(Extracted records)

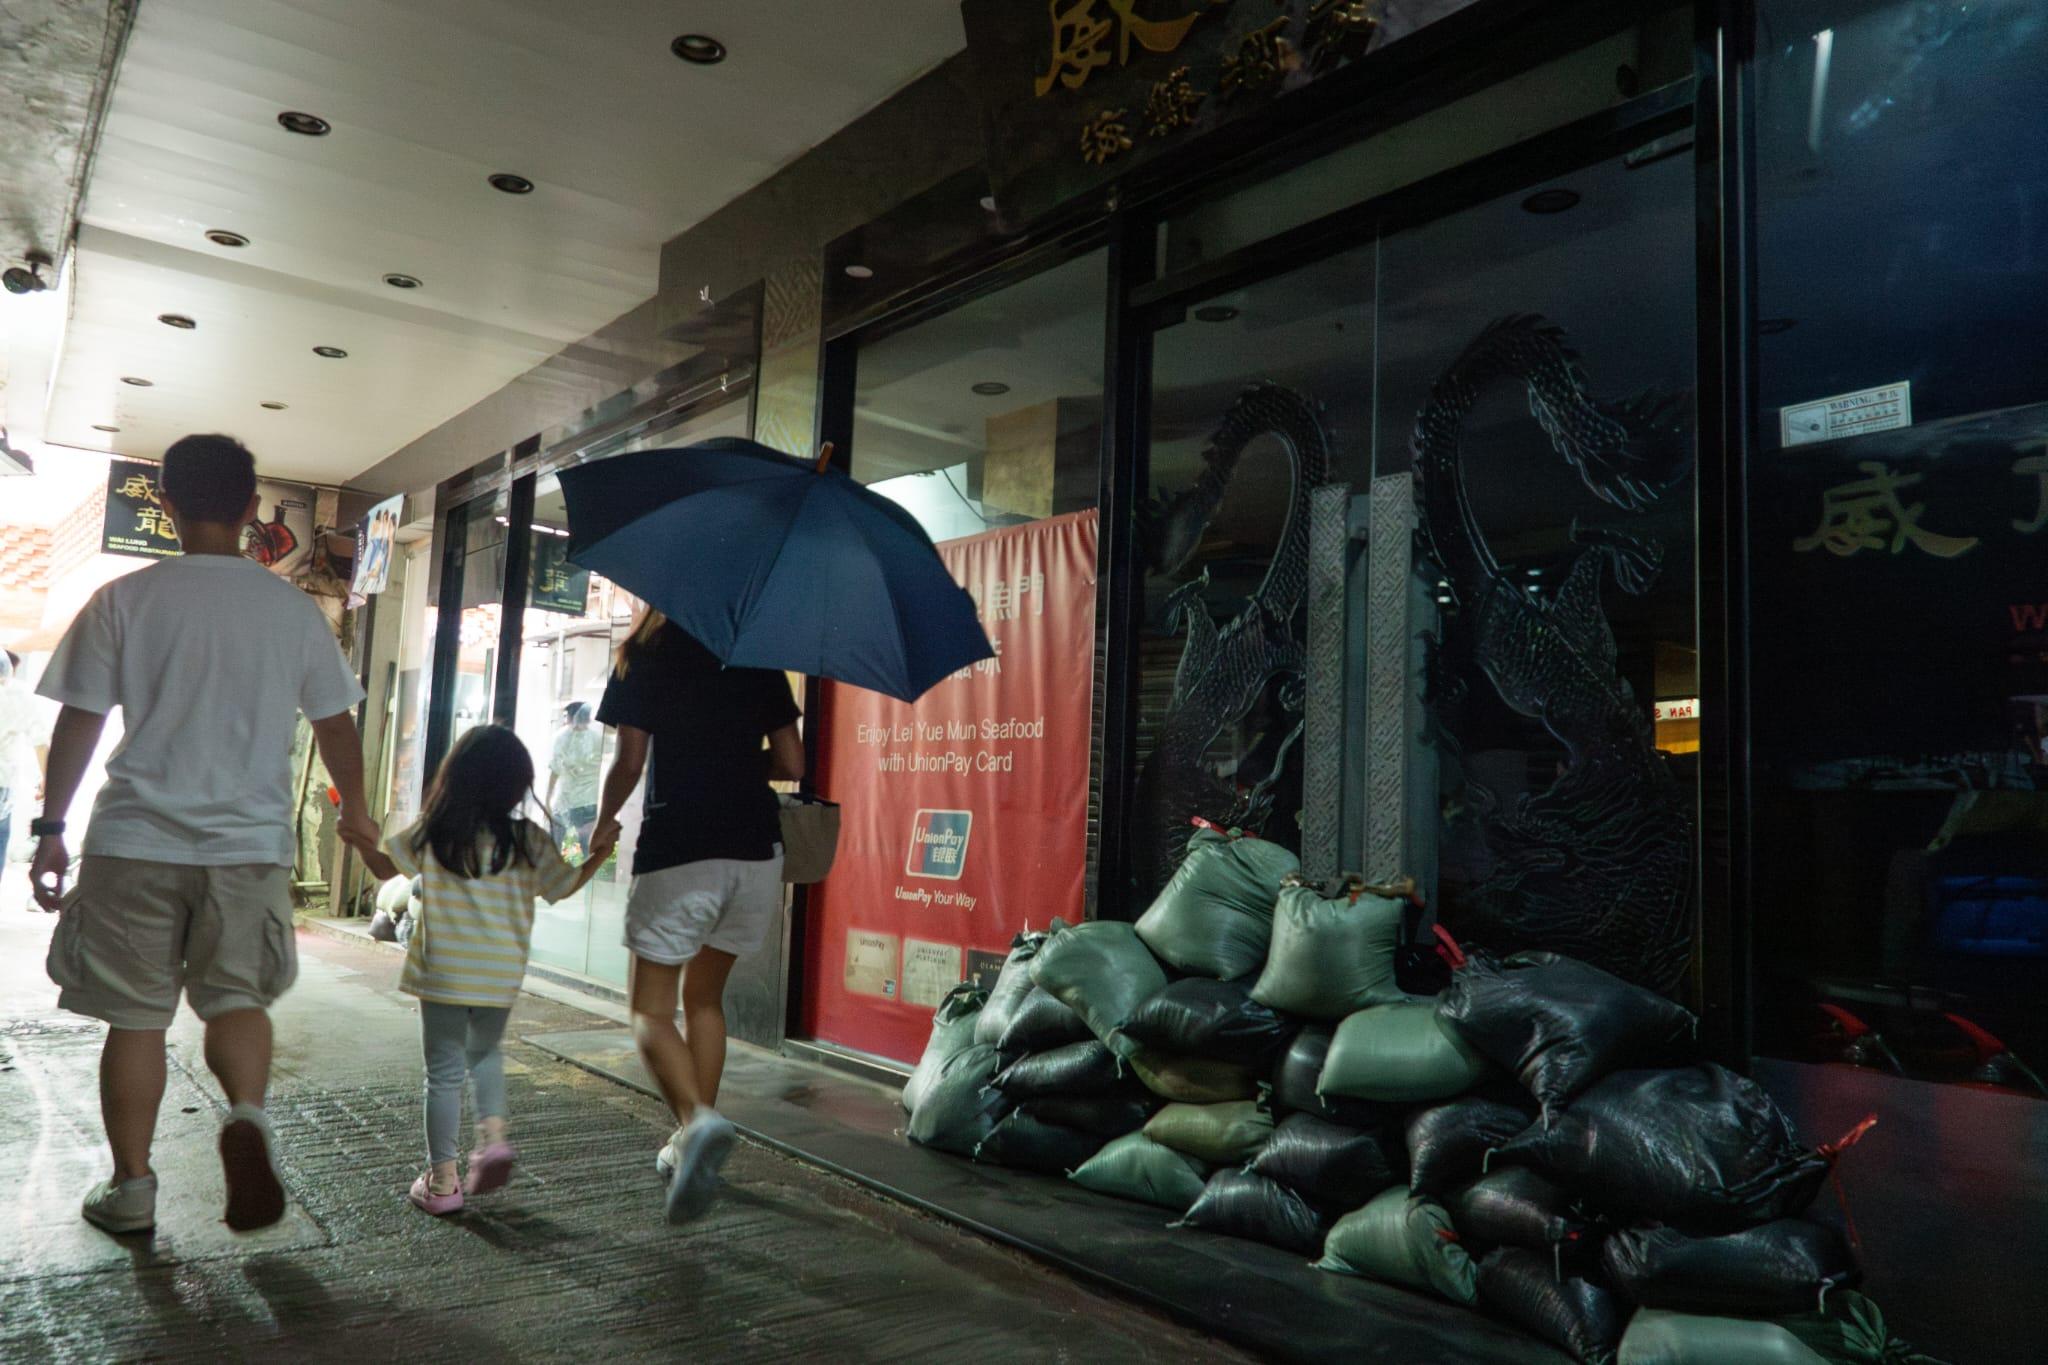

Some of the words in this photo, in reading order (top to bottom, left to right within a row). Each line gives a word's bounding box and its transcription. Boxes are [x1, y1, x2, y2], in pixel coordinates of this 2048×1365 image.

[975, 573, 1045, 622] 魚門
[857, 723, 891, 747] Enjoy
[893, 722, 913, 742] Lei
[917, 721, 944, 742] Yue
[947, 719, 977, 741] Mun
[980, 715, 1045, 739] Seafood
[878, 752, 905, 772] with
[908, 750, 973, 777] UnionPay
[976, 750, 1013, 772] Card
[916, 826, 964, 851] UnionPay
[895, 885, 932, 908] UnionPay
[933, 889, 954, 905] Your
[955, 892, 977, 912] Way
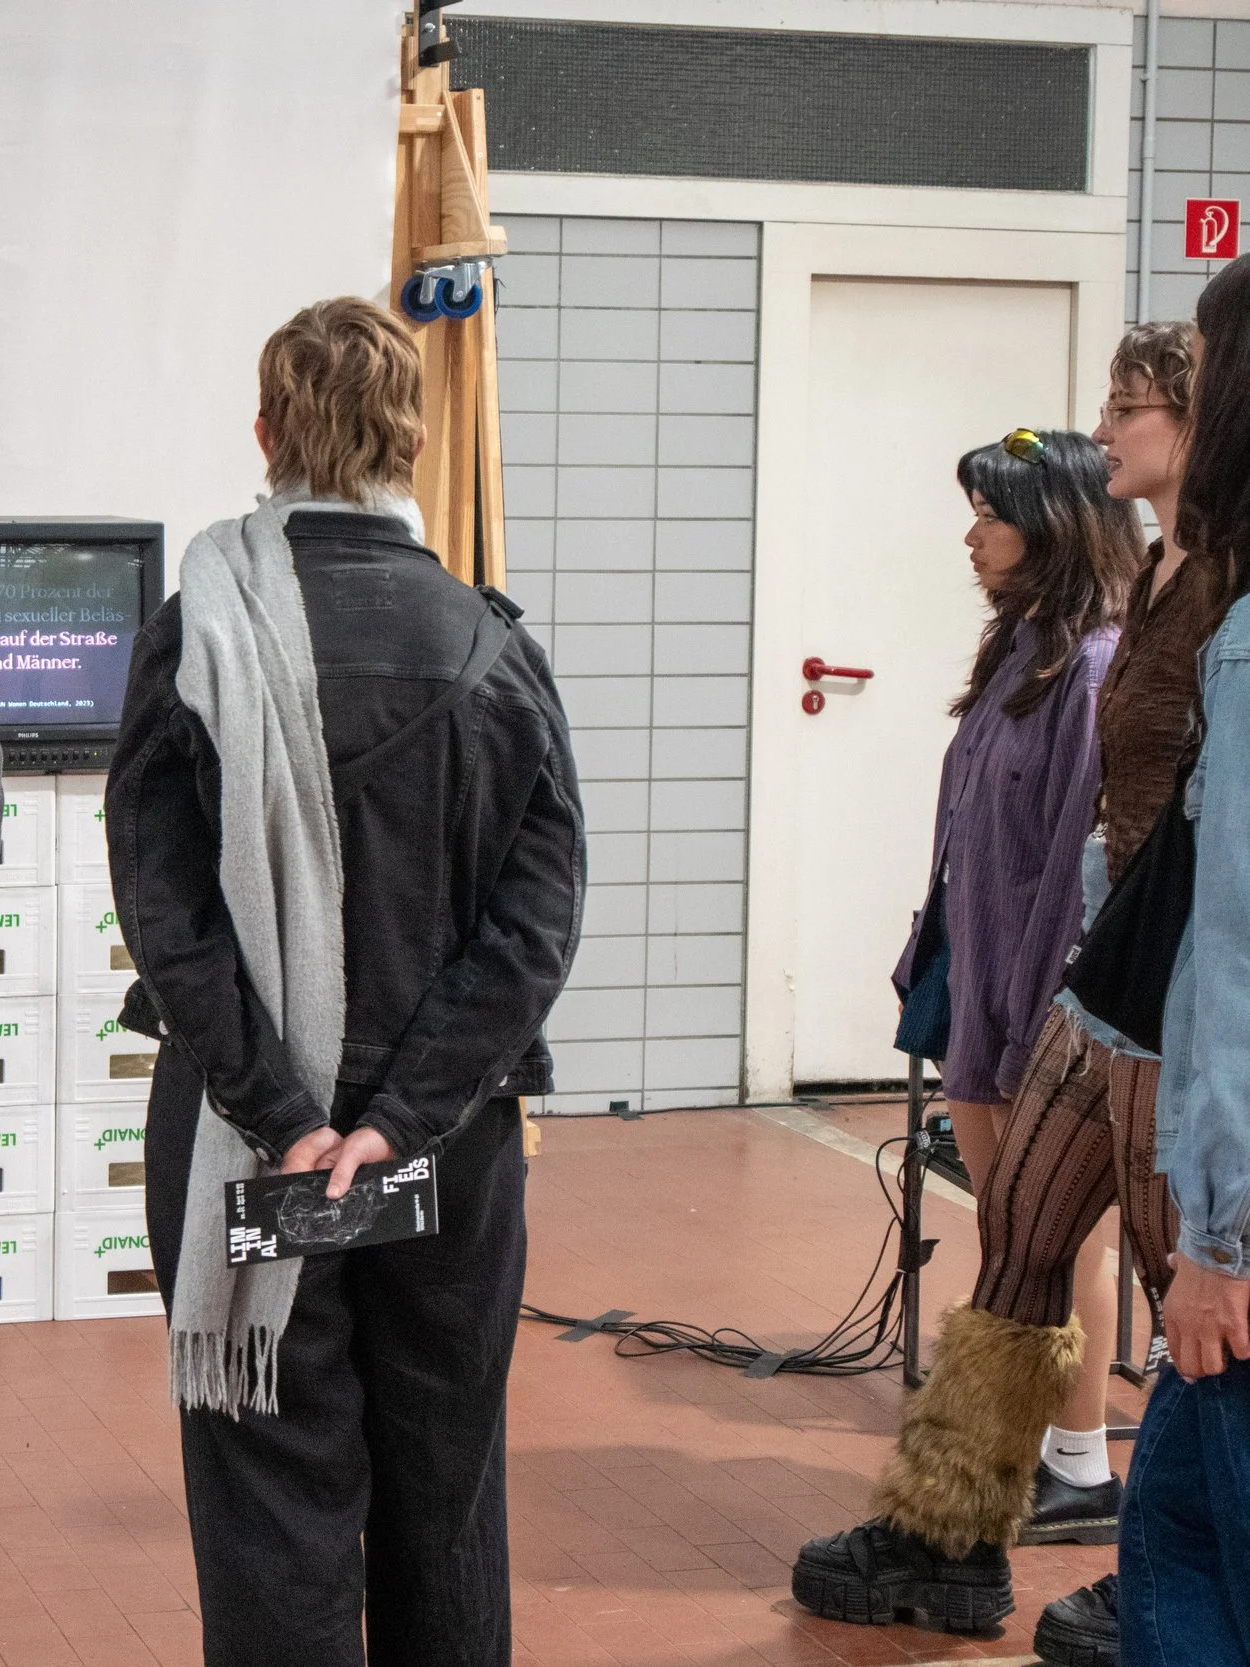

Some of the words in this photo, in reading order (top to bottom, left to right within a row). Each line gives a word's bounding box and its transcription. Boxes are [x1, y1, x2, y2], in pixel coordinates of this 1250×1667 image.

[20, 584, 82, 599] Prozent
[86, 582, 114, 598] der
[4, 607, 76, 623] sexueller
[79, 606, 131, 623] Beläs-
[0, 629, 28, 646] auf
[30, 629, 57, 646] der
[59, 630, 118, 646] Straße
[16, 654, 82, 670] Männer.
[29, 700, 72, 708] Deutschland,
[398, 1162, 414, 1182] EL
[413, 1157, 430, 1181] DS
[382, 1175, 400, 1194] FI
[230, 1226, 247, 1263] LIM
[246, 1227, 262, 1251] IN
[261, 1234, 277, 1257] AL

Work to be completed:
Write each entry again exactly, minus any images.

Result of this task:
Some of the words in this photo, in reading order (top to bottom, left to right within a row). Each line gives a word's bounding box and its transcription. Boxes are [x1, y1, x2, y2], in pixel coordinates of this 2048×1365 image.

[975, 573, 1045, 622] 魚門
[857, 723, 891, 747] Enjoy
[893, 722, 913, 742] Lei
[917, 721, 944, 742] Yue
[947, 719, 977, 741] Mun
[980, 715, 1045, 739] Seafood
[878, 752, 905, 772] with
[908, 750, 973, 777] UnionPay
[976, 750, 1013, 772] Card
[916, 826, 964, 851] UnionPay
[895, 885, 932, 908] UnionPay
[933, 889, 954, 905] Your
[955, 892, 977, 912] Way

Some of the words in this photo, in reading order (top to bottom, left to right within a row). Each line gives a word's bounding box and its transcription. Boxes are [x1, y1, x2, y2], in pixel coordinates of this 1250×1667 image.

[20, 584, 82, 599] Prozent
[86, 582, 114, 598] der
[4, 607, 76, 623] sexueller
[79, 606, 131, 623] Beläs-
[0, 629, 28, 646] auf
[30, 629, 57, 646] der
[59, 630, 118, 646] Straße
[16, 654, 82, 670] Männer.
[29, 700, 72, 708] Deutschland,
[398, 1162, 414, 1182] EL
[413, 1157, 430, 1181] DS
[382, 1175, 400, 1194] FI
[230, 1226, 247, 1263] LIM
[246, 1227, 262, 1251] IN
[261, 1234, 277, 1257] AL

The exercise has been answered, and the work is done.